Medical payments per claim with more than seven days of lost time in California decreased after the implementation of workers’ comp reform for claims with experience through March 2017, according to a recent study by the Workers Compensation Research Institute.
The state passed sweeping workers’ comp reform with Senate Bill 863, which went into effect in 2013.
“Most other states WCRI studied experienced increases or stable trends over the same period,” Ramona Tanabe, WCRI’s executive vice president and counsel, said in a statement.
The study, CompScope Medical Benchmarks for California, 19th Edition, continued to monitor the changes in medical payments, prices, and utilization in the California workers’ comp system in the era post-SB 863. The study also compared these metrics of medical costs and care in California with 17 other states before and after SB 863.

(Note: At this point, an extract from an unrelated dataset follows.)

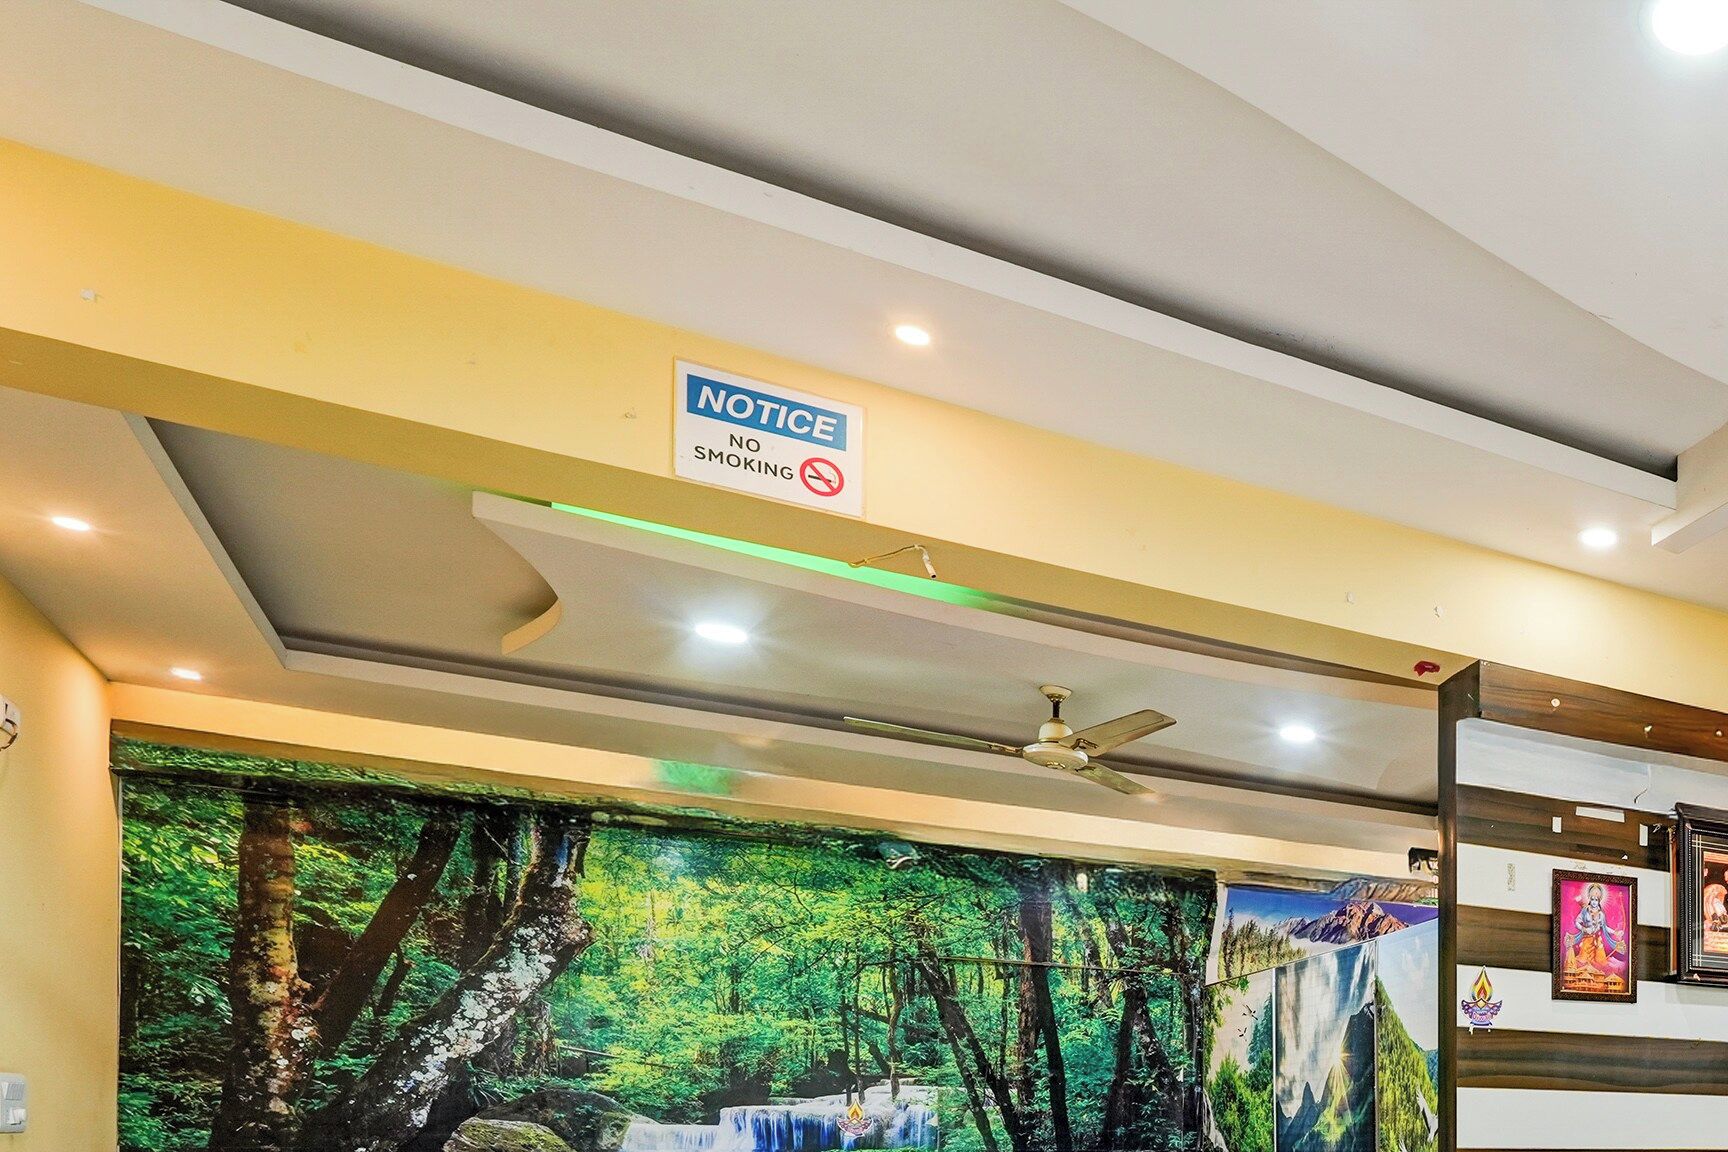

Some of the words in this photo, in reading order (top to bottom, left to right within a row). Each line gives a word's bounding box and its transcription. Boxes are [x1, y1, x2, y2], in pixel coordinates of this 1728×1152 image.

[697, 385, 837, 442] NOTICE
[729, 433, 761, 453] NO
[694, 445, 794, 481] SMOKING
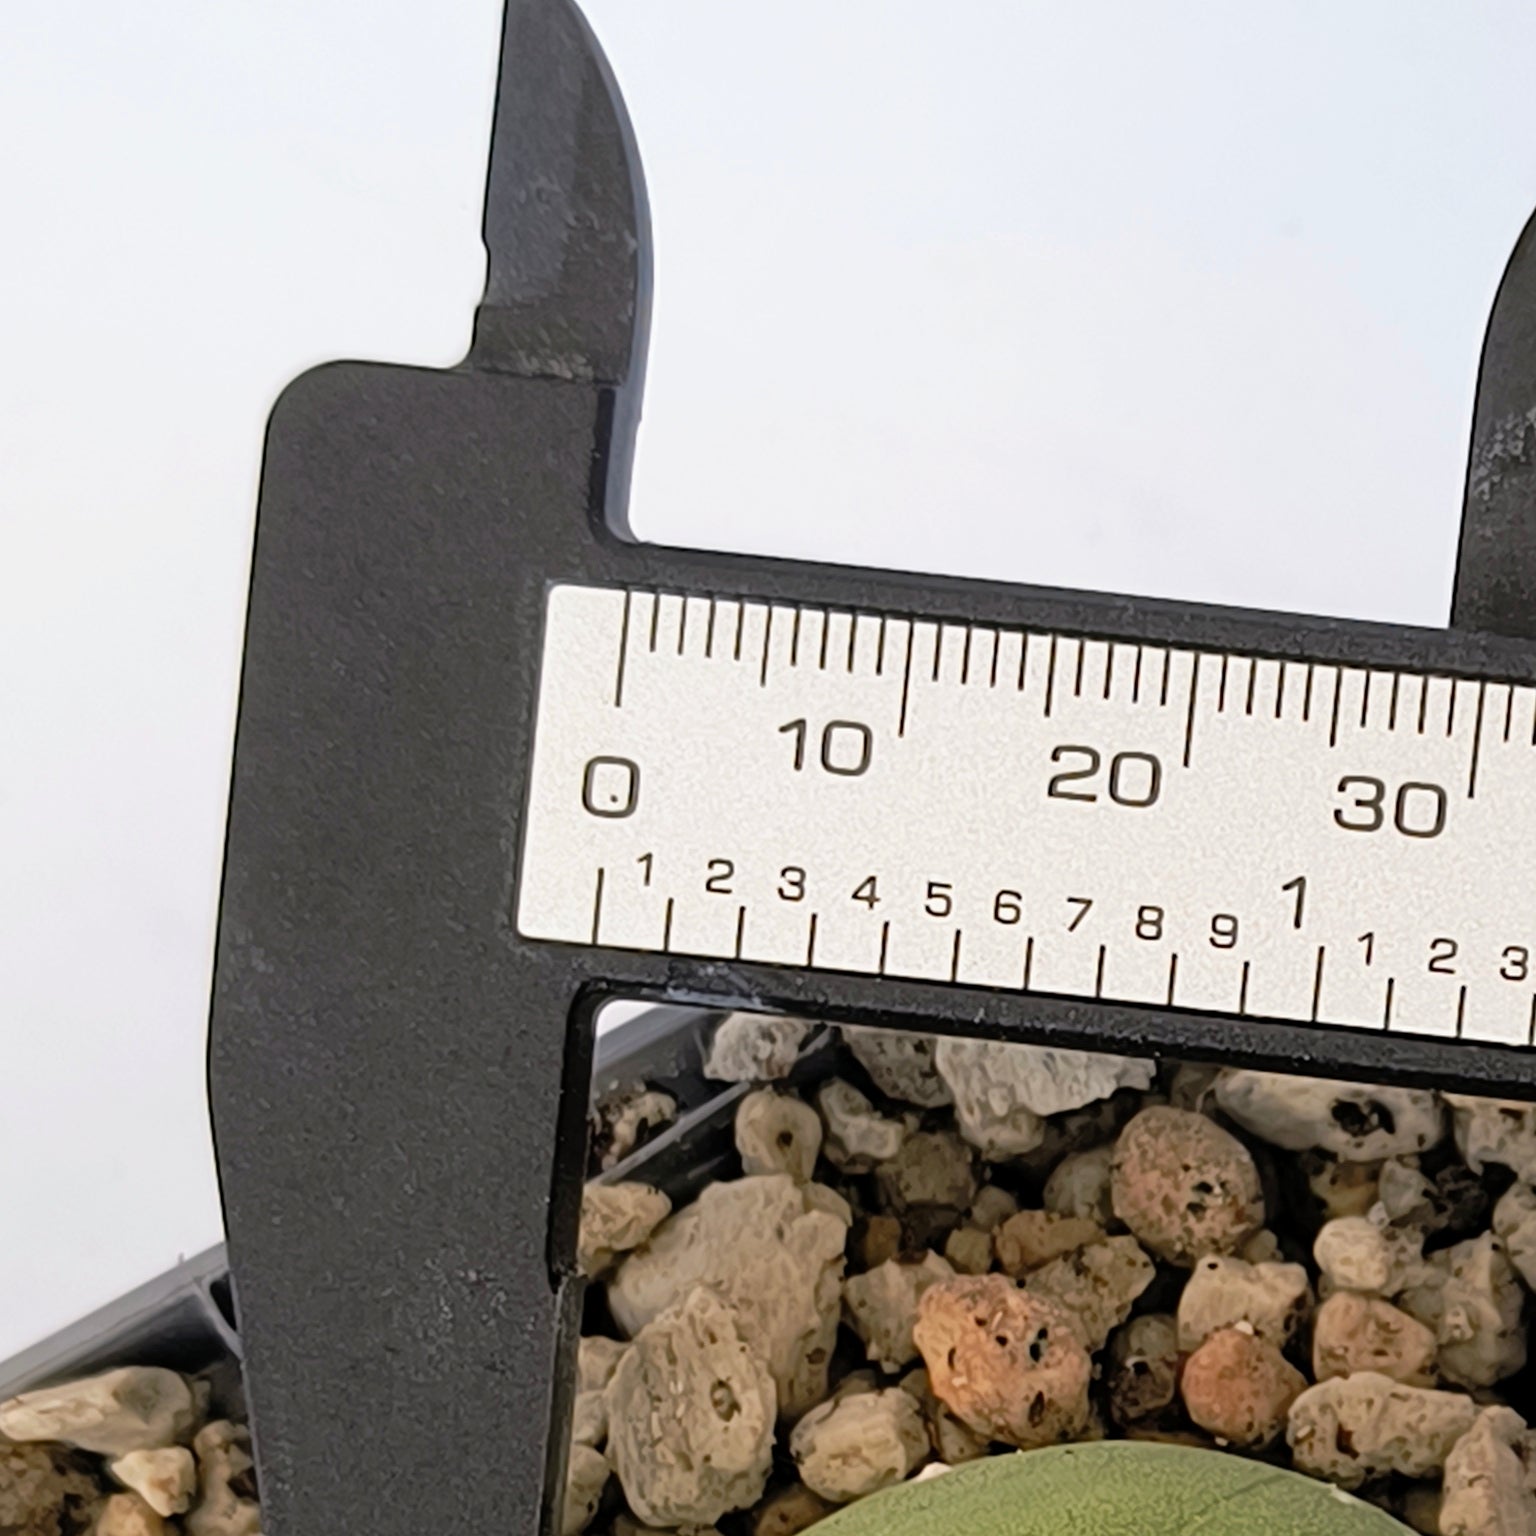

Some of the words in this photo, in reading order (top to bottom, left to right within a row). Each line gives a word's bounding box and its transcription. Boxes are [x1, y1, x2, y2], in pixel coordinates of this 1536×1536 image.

“The decrease in payments per claim for nonhospital services was the main driver of the decrease in medical payments per claim post-SB 863,” said Tanabe, “another factor was the decrease in frequency of hospital care usage in California.”
Following are among the study’s other findings for California:
- The transition to the resource-based relative value scale based fee schedule led to different changes in prices paid for different types of professional services. Utilization of most types of nonhospital services remained stable or had small decreases.
- Ambulatory surgery center facility payments per claim decreased following the fee schedule reduction, and then remained fairly stable. The percentage of claims with ASC facility services also decreased.
- Prescription payments per claim with prescriptions decreased at double-digit rates.
The group has more on the report at its website.
WCRI is an independent, not-for-profit research organization based in Cambridge, Mass.